Prompt | Could you set down every entry exactly as it stands, without the images?

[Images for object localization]
◇ ◇ ◇ ◇ ◇

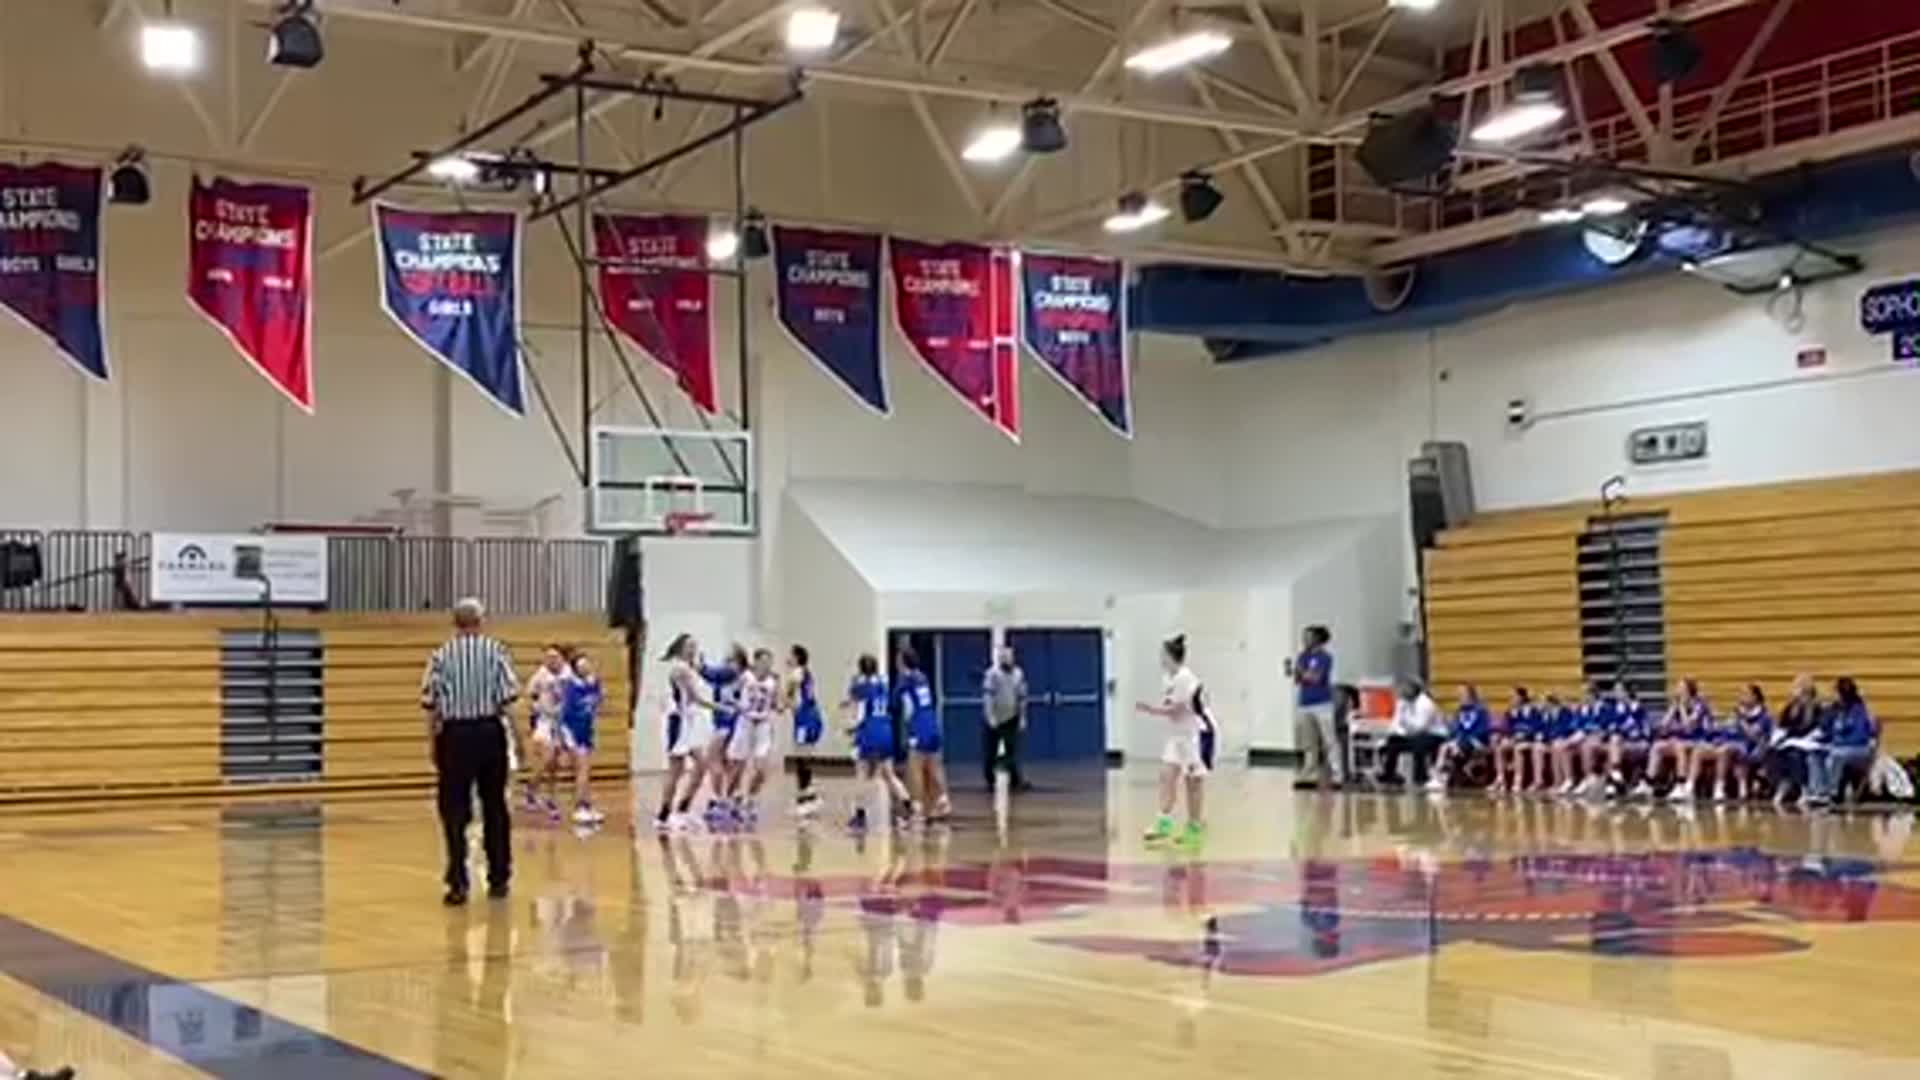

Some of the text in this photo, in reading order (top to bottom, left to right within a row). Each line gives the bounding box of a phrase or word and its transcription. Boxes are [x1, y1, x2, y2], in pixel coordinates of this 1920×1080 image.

[4, 187, 57, 207] STATE
[216, 199, 270, 223] STATE
[195, 220, 297, 248] CHAMPIONS
[418, 232, 474, 251] STATE
[627, 236, 677, 254] STATE
[394, 250, 501, 273] CHAMPIONS
[805, 250, 849, 267] STATE
[919, 259, 961, 275] STATE
[787, 264, 870, 288] CHAMPIONS
[1051, 275, 1091, 291] STATE
[1033, 290, 1111, 312] CHAMPIONS

◇ ◇ ◇ ◇ ◇

Output |
Some of the text in this photo, in reading order (top to bottom, left to right within a row). Each line gives the bounding box of a phrase or word and its transcription. Boxes are [x1, y1, x2, y2], in pixel coordinates of this 1920×1080 image.

[4, 187, 57, 207] STATE
[216, 199, 270, 223] STATE
[195, 220, 297, 248] CHAMPIONS
[418, 232, 474, 251] STATE
[627, 236, 677, 254] STATE
[394, 250, 501, 273] CHAMPIONS
[805, 250, 849, 267] STATE
[919, 259, 961, 275] STATE
[787, 264, 870, 288] CHAMPIONS
[1051, 275, 1091, 291] STATE
[1033, 290, 1111, 312] CHAMPIONS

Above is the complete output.